2. Windows executable
We supply an windows msi for install our prototype software, which includes our implementation for FT, SR, LC, our HC, RC and saliency cut method.
3. C++ source code
The C++ implementation of our paper as well as several other state of the art works.
4. Supplemental material
Supplemental materials (647 MB) including comparisons with other 15 state of the art algorithms are now available.

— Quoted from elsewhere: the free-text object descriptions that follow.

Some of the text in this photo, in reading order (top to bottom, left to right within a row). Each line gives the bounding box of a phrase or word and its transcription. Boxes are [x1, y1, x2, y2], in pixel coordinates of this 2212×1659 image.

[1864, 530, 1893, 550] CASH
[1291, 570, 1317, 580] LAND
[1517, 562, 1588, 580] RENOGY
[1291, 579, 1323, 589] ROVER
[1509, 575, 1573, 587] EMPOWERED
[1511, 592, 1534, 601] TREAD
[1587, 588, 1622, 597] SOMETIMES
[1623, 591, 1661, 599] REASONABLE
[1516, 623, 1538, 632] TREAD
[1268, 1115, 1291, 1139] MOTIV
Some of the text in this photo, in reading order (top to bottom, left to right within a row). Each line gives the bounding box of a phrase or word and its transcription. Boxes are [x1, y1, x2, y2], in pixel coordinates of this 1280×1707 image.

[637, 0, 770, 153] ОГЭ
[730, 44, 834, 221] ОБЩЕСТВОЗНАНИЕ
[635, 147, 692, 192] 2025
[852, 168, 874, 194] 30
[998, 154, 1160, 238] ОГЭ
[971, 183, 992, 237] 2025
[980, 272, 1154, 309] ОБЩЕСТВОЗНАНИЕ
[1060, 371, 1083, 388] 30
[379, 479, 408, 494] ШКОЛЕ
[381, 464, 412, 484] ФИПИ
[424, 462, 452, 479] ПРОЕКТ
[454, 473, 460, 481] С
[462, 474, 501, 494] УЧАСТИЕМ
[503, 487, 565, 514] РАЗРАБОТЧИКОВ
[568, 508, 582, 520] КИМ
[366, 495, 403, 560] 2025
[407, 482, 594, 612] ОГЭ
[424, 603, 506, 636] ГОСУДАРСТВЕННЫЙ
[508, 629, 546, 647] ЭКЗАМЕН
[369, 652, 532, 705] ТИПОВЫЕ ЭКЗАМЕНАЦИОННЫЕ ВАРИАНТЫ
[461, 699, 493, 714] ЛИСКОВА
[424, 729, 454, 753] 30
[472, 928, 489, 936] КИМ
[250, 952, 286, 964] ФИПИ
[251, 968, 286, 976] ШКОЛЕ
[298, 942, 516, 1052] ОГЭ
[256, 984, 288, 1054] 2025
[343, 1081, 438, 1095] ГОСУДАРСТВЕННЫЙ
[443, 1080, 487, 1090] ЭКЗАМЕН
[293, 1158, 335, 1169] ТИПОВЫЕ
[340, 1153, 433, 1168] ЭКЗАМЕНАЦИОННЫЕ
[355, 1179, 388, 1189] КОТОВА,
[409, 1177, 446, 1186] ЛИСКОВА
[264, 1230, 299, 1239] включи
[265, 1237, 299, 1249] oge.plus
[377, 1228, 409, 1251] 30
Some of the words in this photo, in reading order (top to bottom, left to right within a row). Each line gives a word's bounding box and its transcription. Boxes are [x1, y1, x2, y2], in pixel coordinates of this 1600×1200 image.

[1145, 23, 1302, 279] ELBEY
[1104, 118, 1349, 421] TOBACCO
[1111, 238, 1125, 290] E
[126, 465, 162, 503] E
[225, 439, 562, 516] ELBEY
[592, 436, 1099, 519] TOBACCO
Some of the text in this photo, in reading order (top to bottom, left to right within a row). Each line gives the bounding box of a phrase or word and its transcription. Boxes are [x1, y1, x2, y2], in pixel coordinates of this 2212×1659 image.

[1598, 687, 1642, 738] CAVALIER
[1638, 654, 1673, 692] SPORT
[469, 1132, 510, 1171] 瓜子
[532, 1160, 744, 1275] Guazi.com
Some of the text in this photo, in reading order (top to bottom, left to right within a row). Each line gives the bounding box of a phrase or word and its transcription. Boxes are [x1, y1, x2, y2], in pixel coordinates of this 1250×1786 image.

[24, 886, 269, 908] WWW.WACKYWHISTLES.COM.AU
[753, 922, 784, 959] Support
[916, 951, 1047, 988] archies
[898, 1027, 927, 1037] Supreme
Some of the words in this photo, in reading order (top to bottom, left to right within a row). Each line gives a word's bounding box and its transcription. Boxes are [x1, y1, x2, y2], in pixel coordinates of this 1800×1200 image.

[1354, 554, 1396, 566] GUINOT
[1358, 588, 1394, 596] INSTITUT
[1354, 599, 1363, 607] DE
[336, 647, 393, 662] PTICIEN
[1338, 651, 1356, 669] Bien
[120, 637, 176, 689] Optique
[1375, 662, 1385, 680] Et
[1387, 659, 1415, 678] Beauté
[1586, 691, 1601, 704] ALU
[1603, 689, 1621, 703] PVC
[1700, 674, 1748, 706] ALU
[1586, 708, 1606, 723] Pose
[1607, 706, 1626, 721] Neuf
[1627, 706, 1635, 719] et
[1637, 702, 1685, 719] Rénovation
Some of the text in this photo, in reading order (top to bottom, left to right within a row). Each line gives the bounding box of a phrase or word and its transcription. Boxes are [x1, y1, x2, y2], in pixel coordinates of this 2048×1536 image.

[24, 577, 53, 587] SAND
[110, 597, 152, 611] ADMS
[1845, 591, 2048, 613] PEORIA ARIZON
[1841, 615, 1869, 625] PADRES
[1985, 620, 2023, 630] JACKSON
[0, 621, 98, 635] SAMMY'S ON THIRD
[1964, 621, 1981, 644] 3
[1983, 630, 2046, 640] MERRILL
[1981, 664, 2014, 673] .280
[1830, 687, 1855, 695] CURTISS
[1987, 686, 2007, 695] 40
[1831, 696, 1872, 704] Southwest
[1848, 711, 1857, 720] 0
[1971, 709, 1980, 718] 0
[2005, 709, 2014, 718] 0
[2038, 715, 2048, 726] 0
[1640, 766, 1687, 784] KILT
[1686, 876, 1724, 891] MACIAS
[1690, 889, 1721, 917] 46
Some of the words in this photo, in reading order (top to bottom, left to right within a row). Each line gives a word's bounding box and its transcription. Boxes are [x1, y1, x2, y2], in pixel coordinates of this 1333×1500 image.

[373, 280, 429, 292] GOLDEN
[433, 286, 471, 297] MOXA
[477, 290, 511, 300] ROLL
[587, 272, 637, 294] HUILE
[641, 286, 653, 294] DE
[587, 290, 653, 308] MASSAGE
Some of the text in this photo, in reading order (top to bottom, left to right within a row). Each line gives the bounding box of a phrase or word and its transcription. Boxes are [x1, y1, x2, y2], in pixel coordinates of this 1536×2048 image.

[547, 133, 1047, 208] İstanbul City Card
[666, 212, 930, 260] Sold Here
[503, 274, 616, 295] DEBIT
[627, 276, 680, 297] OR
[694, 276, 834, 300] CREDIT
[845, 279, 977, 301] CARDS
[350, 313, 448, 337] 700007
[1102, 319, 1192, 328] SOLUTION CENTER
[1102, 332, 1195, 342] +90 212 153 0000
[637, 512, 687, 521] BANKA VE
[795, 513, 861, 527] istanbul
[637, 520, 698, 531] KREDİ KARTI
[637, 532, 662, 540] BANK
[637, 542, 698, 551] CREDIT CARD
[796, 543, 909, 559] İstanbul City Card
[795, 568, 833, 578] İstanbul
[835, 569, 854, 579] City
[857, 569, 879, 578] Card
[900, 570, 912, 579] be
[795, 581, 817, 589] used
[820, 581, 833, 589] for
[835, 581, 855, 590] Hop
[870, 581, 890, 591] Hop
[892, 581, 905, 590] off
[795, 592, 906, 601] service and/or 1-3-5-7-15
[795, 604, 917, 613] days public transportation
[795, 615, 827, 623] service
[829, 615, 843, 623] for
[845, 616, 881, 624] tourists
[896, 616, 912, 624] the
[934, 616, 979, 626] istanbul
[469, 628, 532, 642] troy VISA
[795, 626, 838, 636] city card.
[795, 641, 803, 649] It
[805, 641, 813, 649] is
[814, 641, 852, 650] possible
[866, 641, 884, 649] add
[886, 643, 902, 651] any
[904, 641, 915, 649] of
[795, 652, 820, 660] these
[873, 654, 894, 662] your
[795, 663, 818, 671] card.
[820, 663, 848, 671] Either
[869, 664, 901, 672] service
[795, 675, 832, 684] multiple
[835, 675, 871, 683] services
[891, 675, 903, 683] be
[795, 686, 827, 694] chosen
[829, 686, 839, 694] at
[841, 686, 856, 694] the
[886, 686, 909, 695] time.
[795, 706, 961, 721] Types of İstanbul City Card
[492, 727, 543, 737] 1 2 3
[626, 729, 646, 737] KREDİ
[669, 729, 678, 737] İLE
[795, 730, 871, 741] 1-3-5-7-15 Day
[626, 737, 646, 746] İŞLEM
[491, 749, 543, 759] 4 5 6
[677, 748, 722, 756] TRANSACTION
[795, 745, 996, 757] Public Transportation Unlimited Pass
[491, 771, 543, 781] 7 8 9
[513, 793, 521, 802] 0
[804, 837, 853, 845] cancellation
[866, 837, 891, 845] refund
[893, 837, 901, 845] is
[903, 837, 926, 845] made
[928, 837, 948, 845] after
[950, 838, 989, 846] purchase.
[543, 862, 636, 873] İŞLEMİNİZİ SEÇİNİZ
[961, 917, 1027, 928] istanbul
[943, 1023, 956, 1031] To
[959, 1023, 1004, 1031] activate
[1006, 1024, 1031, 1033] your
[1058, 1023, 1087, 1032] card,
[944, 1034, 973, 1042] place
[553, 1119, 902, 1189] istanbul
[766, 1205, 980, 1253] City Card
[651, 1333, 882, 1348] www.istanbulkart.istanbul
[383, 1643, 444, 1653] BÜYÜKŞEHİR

Salient object detection results for images with multiple objects. We tested it on the dataset provided by the CVPR 2007 paper: “Image Segmentation by Probabilistic Bottom-Up Aggregation and Cue Integration”.
5. More results for recent methods
If anyone want to share their results on our MSRA10K benchmark (facilitate other researchers to compare with recent methods), please contact me via email (see the header image of this project page for it). I will put your results as well as paper links in this page.
Comparisons with state of the art methods
Figure. Statistical comparison results of (a) different saliency region detection methods, (b) their variants, and (c) object of interest region segmentation methods, using largest public available dataset (i) and (ii) our MSRA10K dataset (to be made public available). We compare our HC method and RC method with 15 state of art methods, including FT , AIM , MSS , SEG , SeR , SUN , SWD , IM , IT , GB , SR , CA , LC , AC , and CB . We also take simple variable-size Gaussian model ‘Gau’ and GrabCut method as a baseline. (Please see our paper for detailed explaintions)
|Figure. Comparison of average Fβ for different saliency segmentation methods: FT , SEG , and ours, on THUR15K dataset, which is composed by non-selected internet images.|
Table. Average time taken to compute a saliency map for images in the MSRA10K database. (Note that we use the authors original implementations for MSS and FT, which is not well optimized code.)
Table. Comparison of average time for different saliency segmentation methods.
Figure. Saliency maps computed by different state-of-the-art methods~(b-p), and with our proposed HC~(q) and RC methods~(r). Most results highlight edges, or are of low resolution. See also the shared data for saliency detection results for the whole MSRA10K dataset.
Figure. Sketch based image comparison. In each group from left to right, first column shows images download from Flickr using the corresponding keyword; second column shows our retrieval results obtained by comparing user input sketch with SaliencyCut result using shape context measure ; third column shows corresponding sketch based retrieval results using SHoG .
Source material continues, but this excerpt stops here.